There are also inflationary pressures emanating from different areas post the COVID-19 disruption. The inflation outlook is still hazy with the CPI or retail inflation in June crossing the 6 per cent mark , which is the uppermost band under the inflation mandate given to the MPC.
The MPC has a mandate to keep inflation in check with a target of 4 per cent with +- 2 per cent.
Governor Shaktikanta Das today cited the rising inflation in emerging markets which after easing in April-May shot up in June amidst cost push pressures. There could be a similar scenario in India because of disruption in the supply chains.
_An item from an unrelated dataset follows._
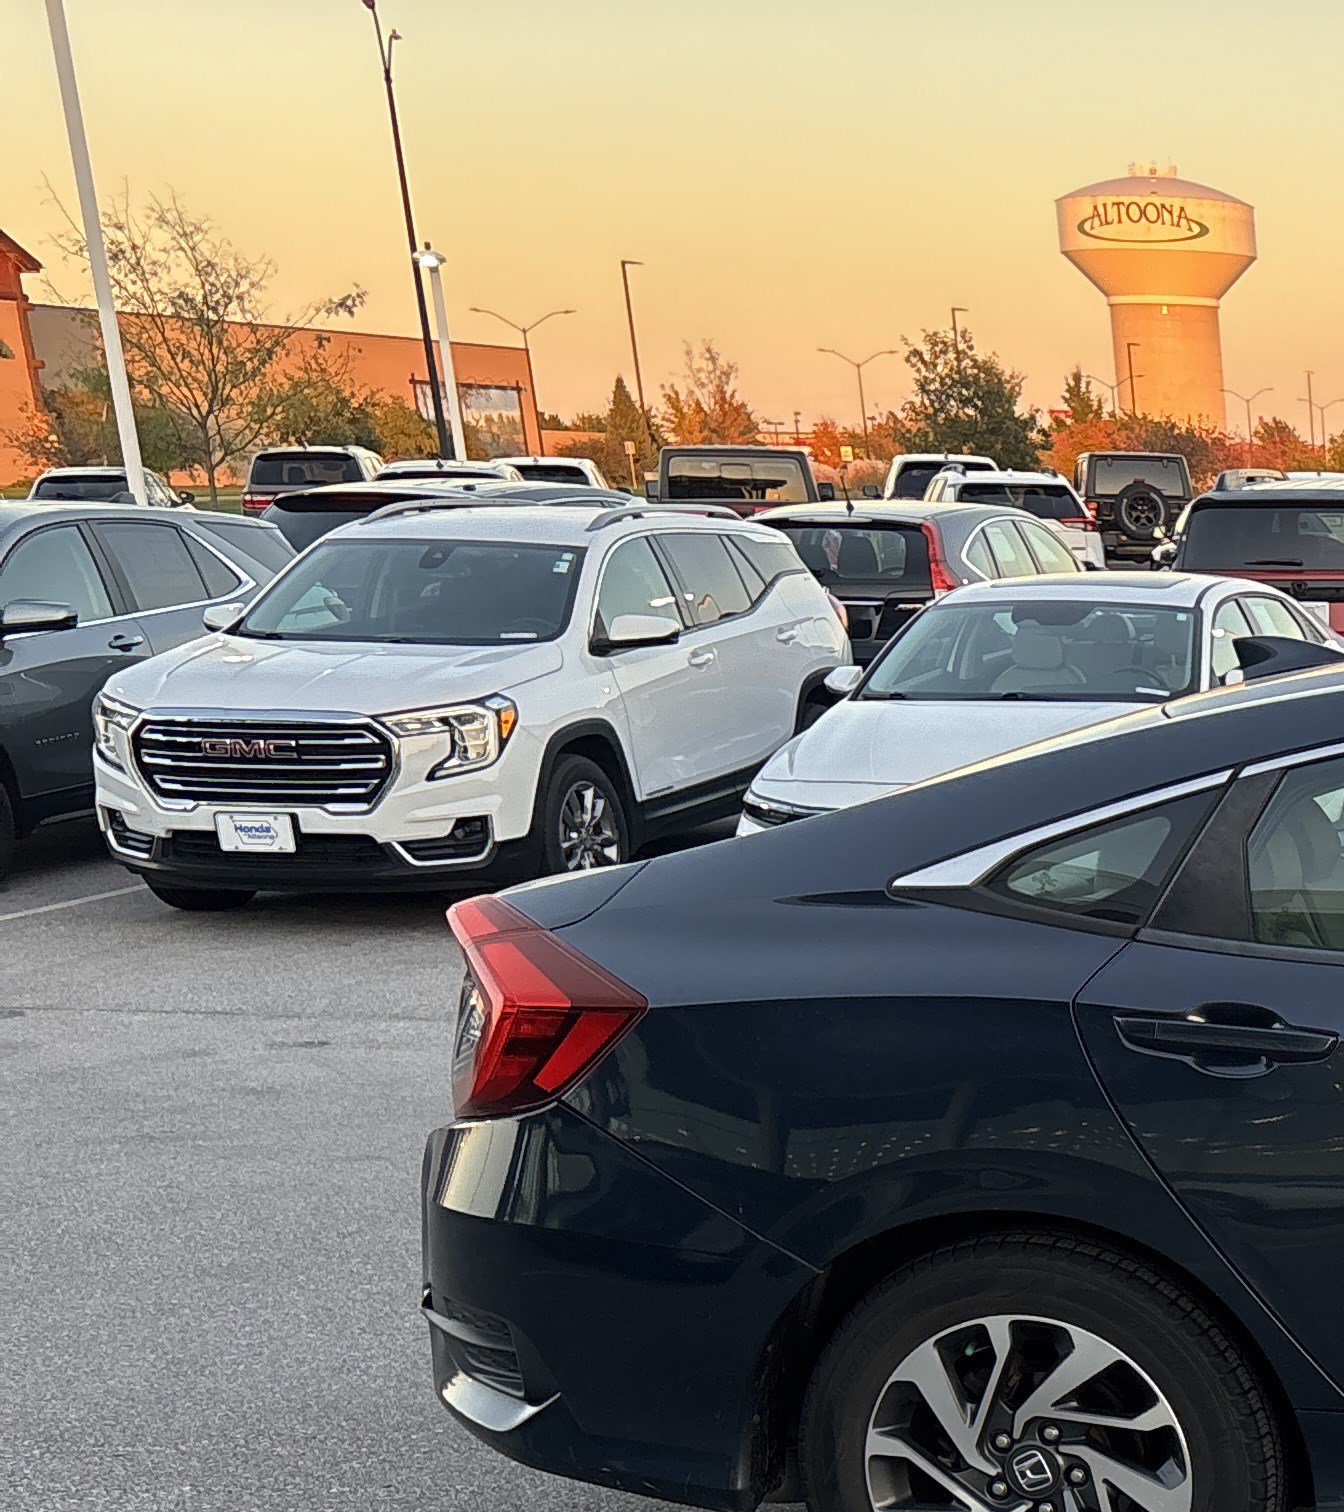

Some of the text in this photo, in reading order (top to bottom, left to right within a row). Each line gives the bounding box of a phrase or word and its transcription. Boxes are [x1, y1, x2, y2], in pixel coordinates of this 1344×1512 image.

[1090, 201, 1194, 233] ALTOONA
[201, 738, 298, 758] GMC
[234, 823, 271, 833] Honda
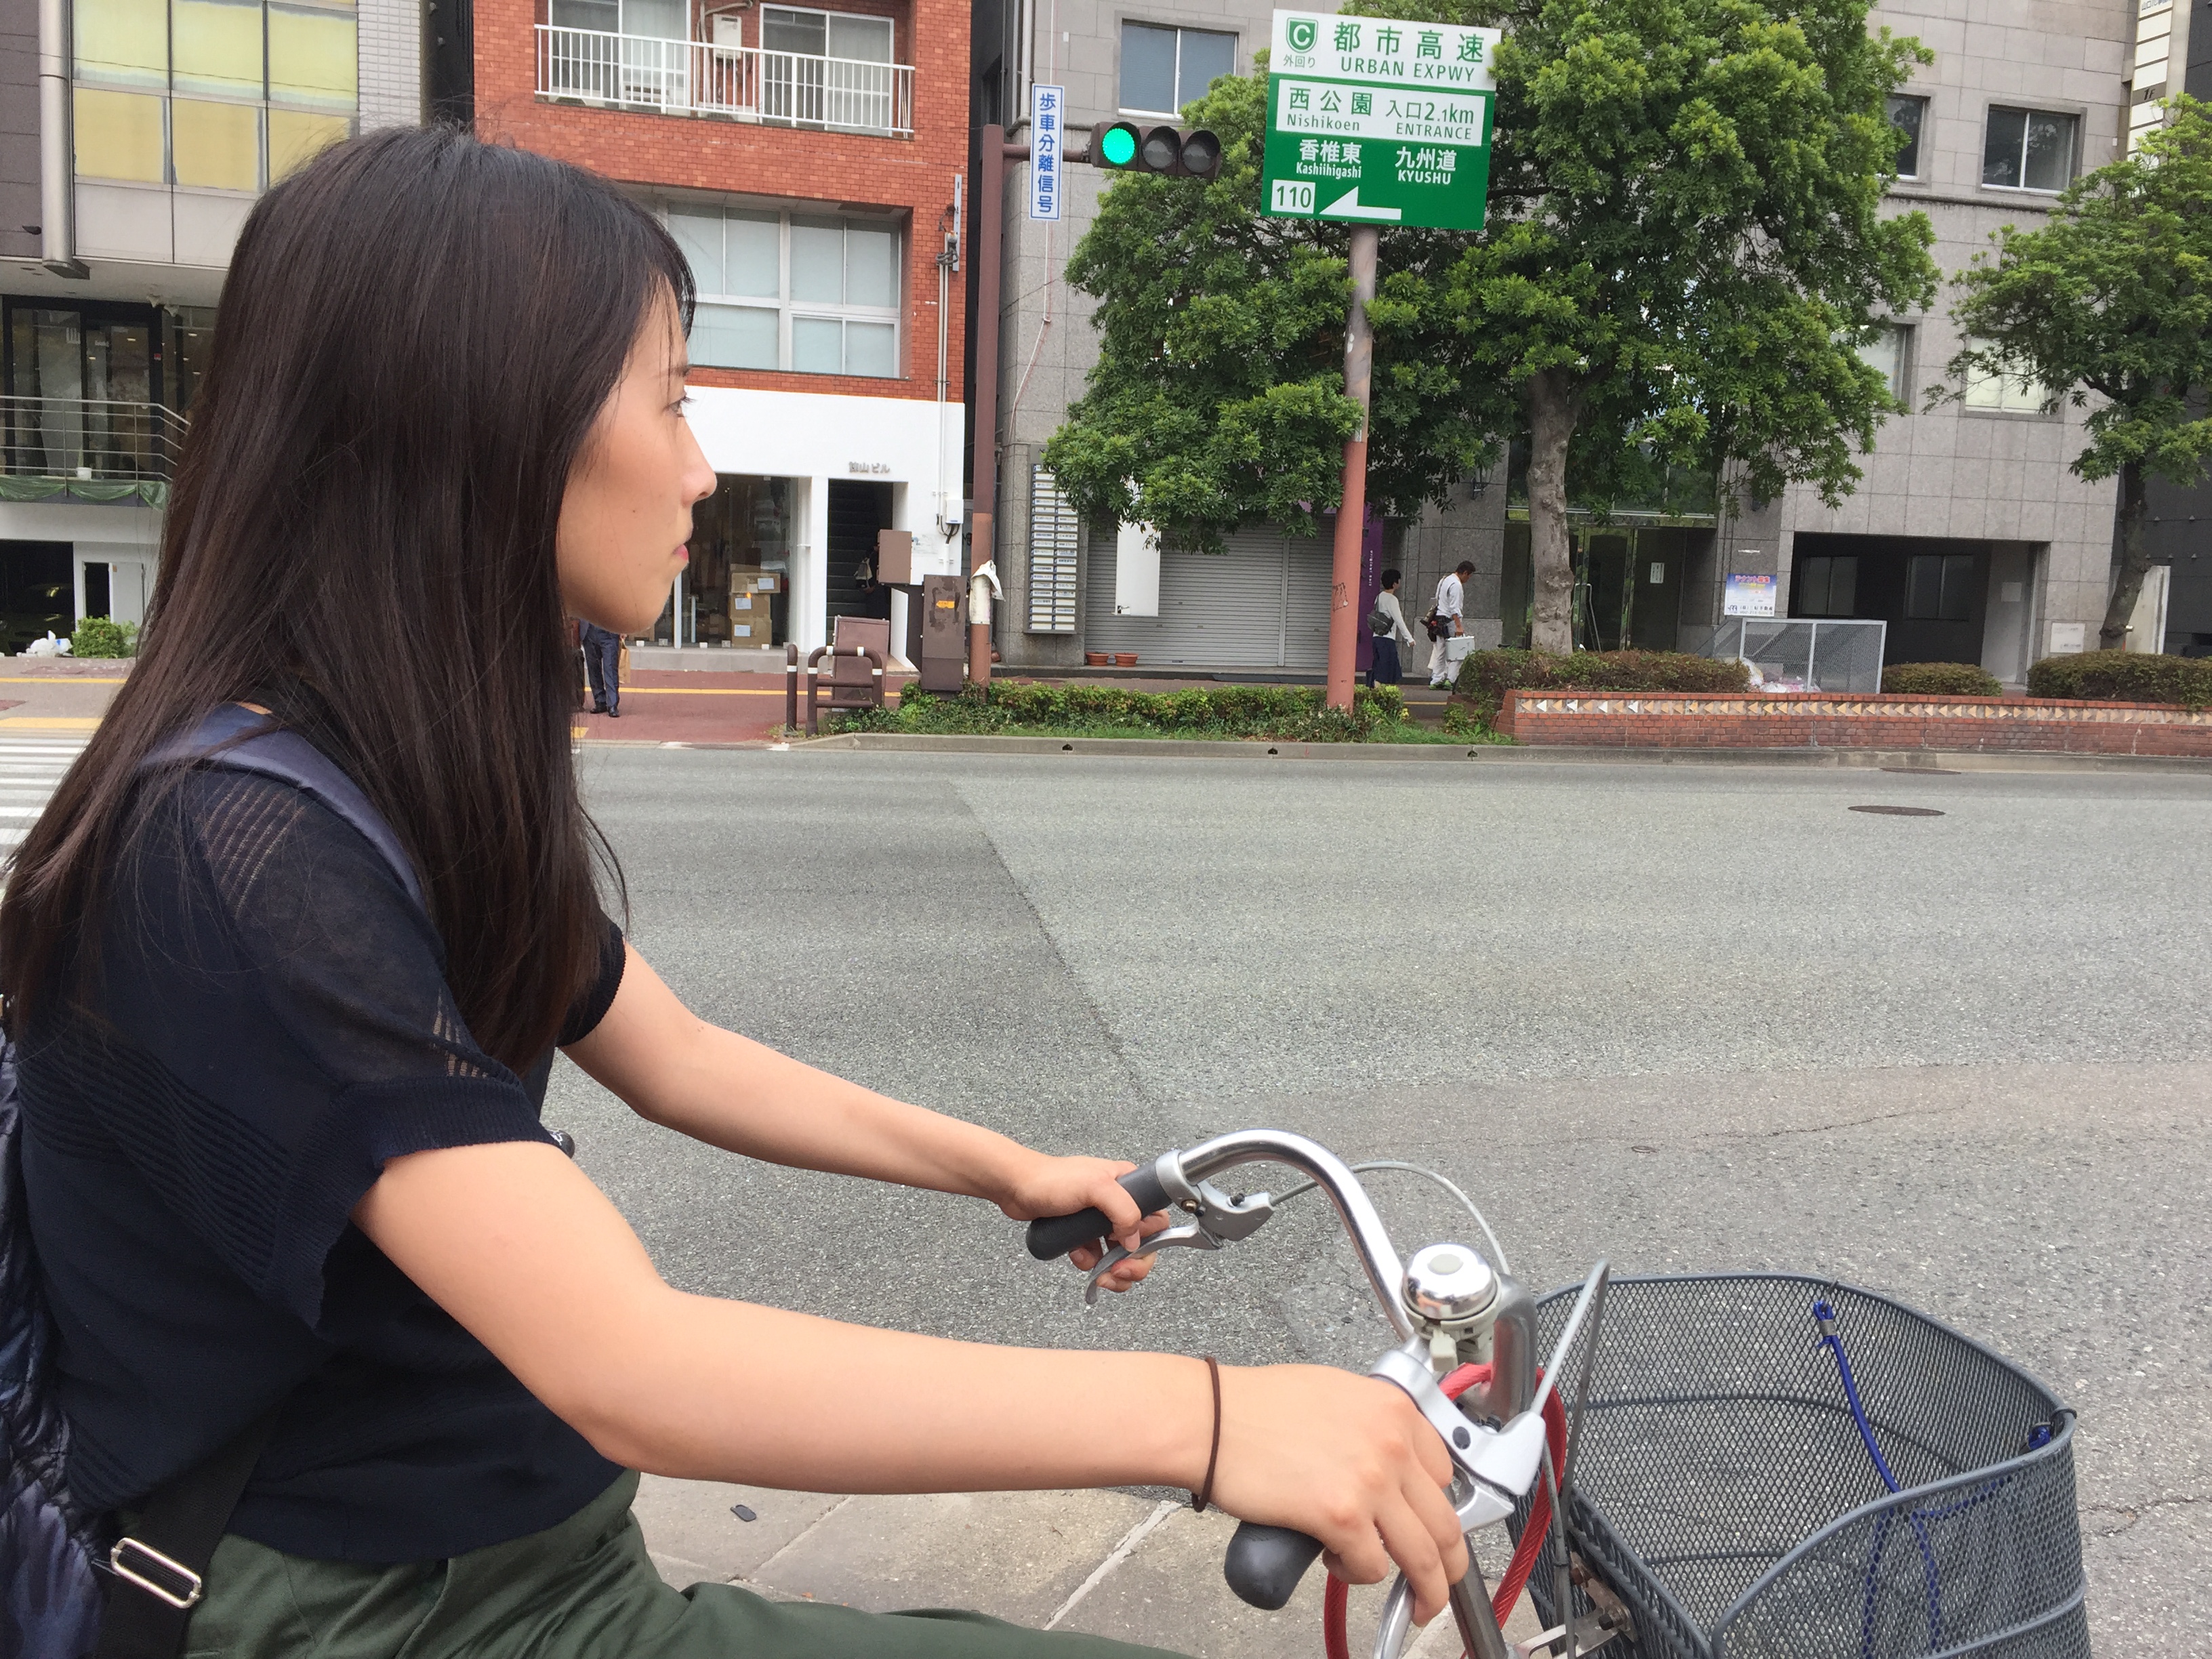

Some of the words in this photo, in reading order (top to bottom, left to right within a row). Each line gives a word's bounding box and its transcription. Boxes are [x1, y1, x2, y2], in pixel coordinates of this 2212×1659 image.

In fact, India-China relations, which is on a downswing, could also bring some disruption in the supply chains.
The RBI expects headline inflation to remain at elevated levels in the second quarter (July-Sept) of 2020-21. Even in food prices, the upside risks remain. "Protein based food items could also emerge as a pressure point," said Das. It may be remembered that protein items especially created a havoc in inflation numbers during the economic boom period as prices of milk, egg, cheese and other items shot up big time.
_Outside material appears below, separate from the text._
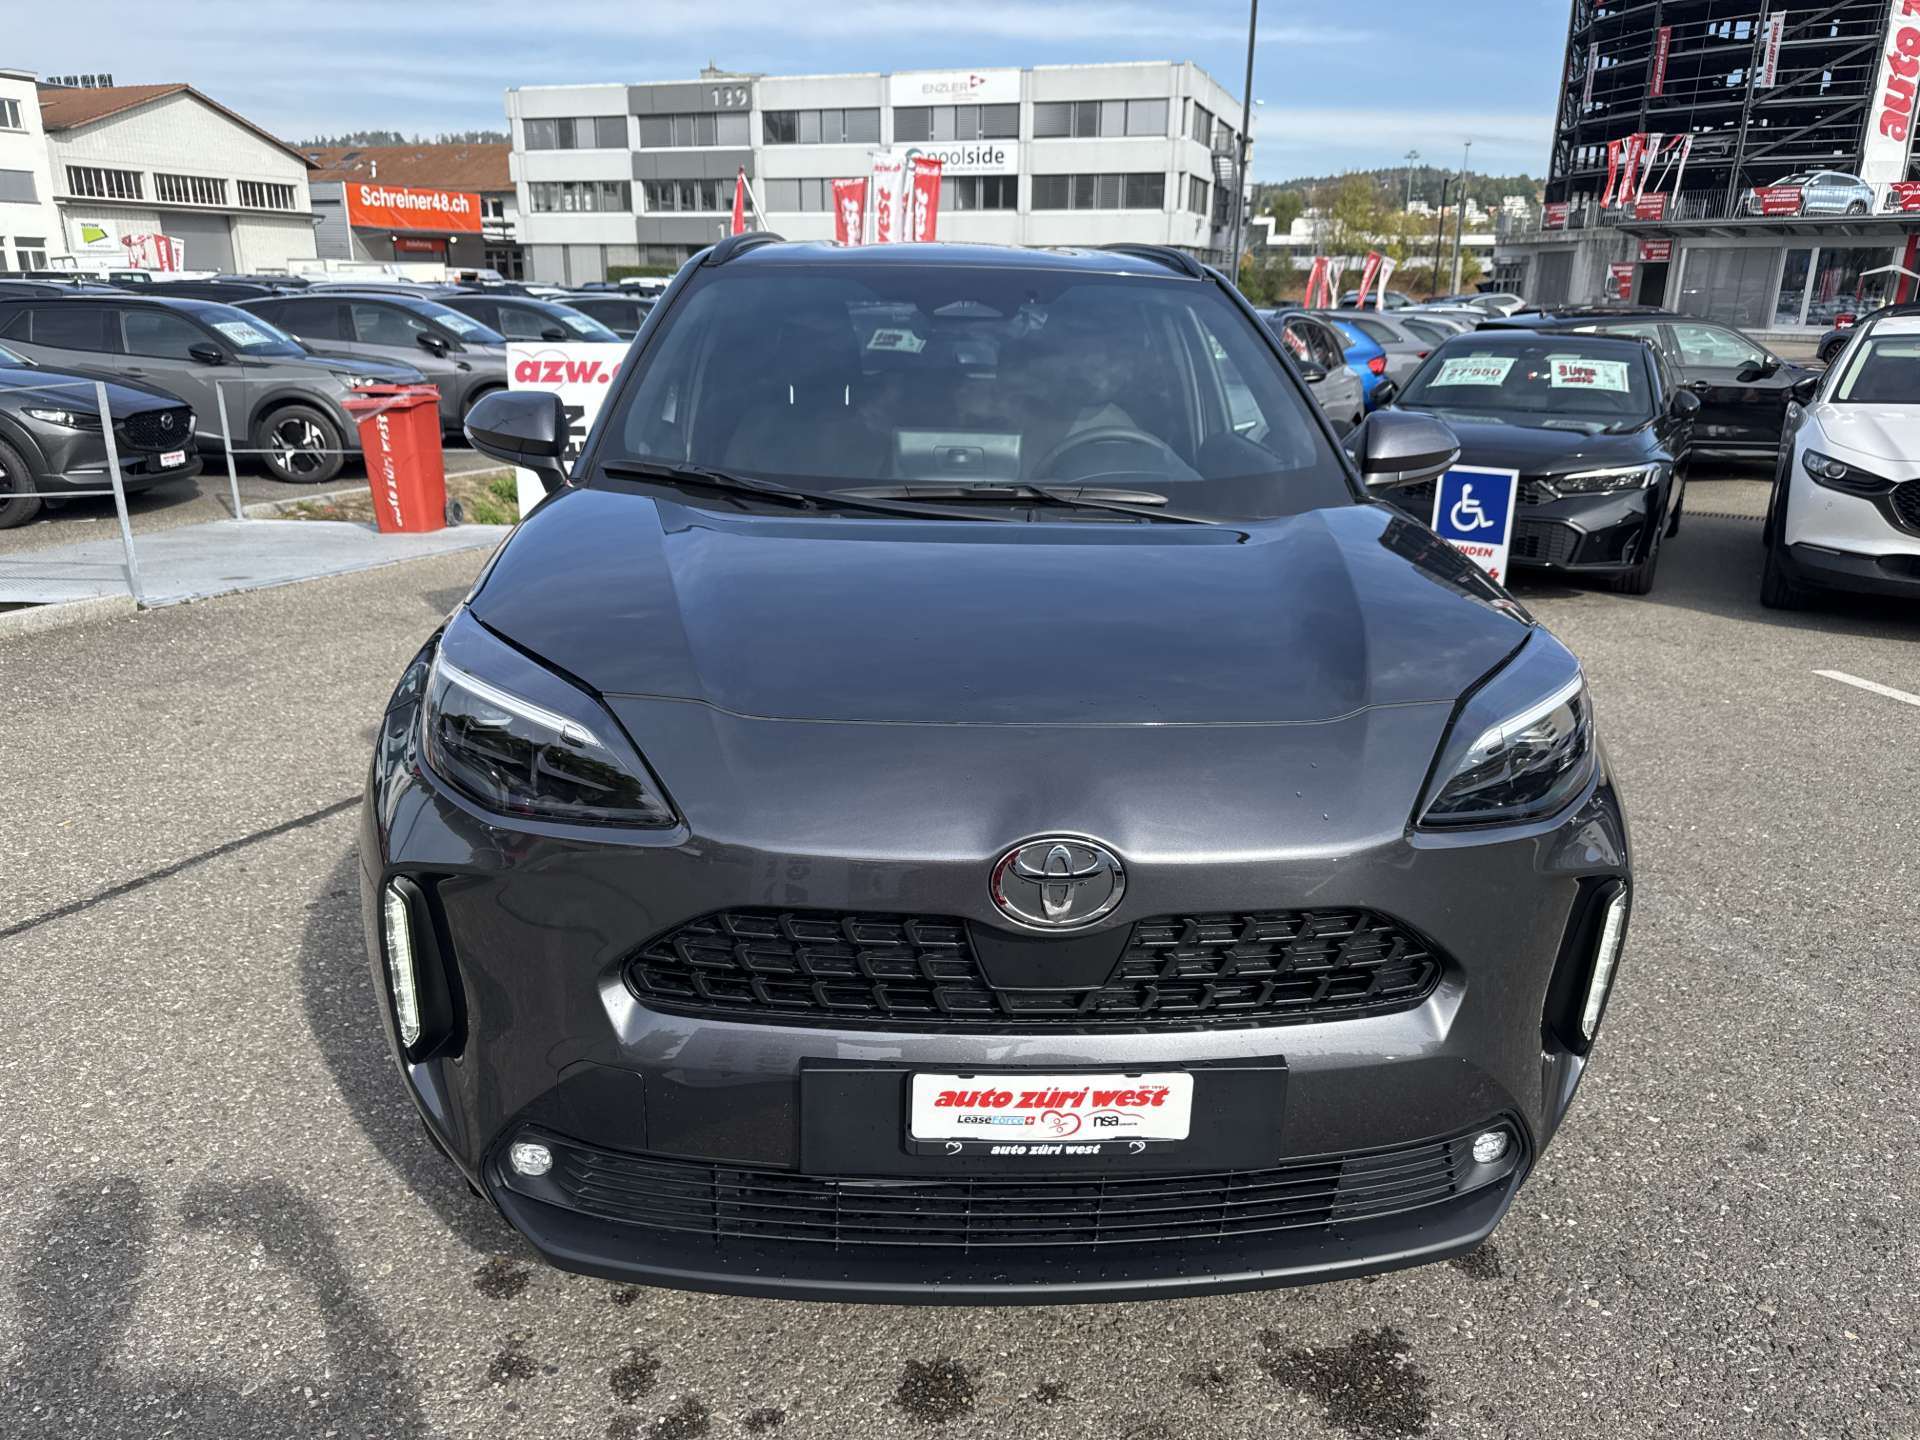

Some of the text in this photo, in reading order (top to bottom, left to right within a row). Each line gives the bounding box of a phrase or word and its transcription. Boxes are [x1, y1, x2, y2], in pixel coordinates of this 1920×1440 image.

Yet another reason for MPC to vote for a status quo in the policy rate is the subdued credit growth. The credit growth is in the negative zone in the first quarter of 2020-21 as banks turn risk averse. The corporate sector is also cautious and consumer confidence is at at an all-time low because of low income, salary cuts and job losses.
The RBI will also need to focus on the interest rate transmission as the banks' NPAs are likely to shoot up to 12 to 15 per cent by the end of 2020-21 because of COVID-19 related stress. The current gross NPAs are 8 per cent plus as against the total advances outstanding.
While the restructuring mechanism offered by the RBI today will be of great help in the next 2 years, the banks will, however, have to make enough provisions to absorb the losses in future. This means higher provisioning pressure. The banks may be a bit reluctant to transmit the rate cut fully.
Lastly, the RBI would also be waiting for the another round of fiscal support to the economy from the government. The enhanced borrowing by the centre and states is already going to increase the fiscal deficit numbers. In fact, there is a possibility of debt monetisation by the government to bridge revenue gaps and also stimulate the economy. By next policy announcement in October, there will be lot of clarity on the numbers like inflation, credit growth, fiscal deficit, revenue shortfall and also debt monetisation.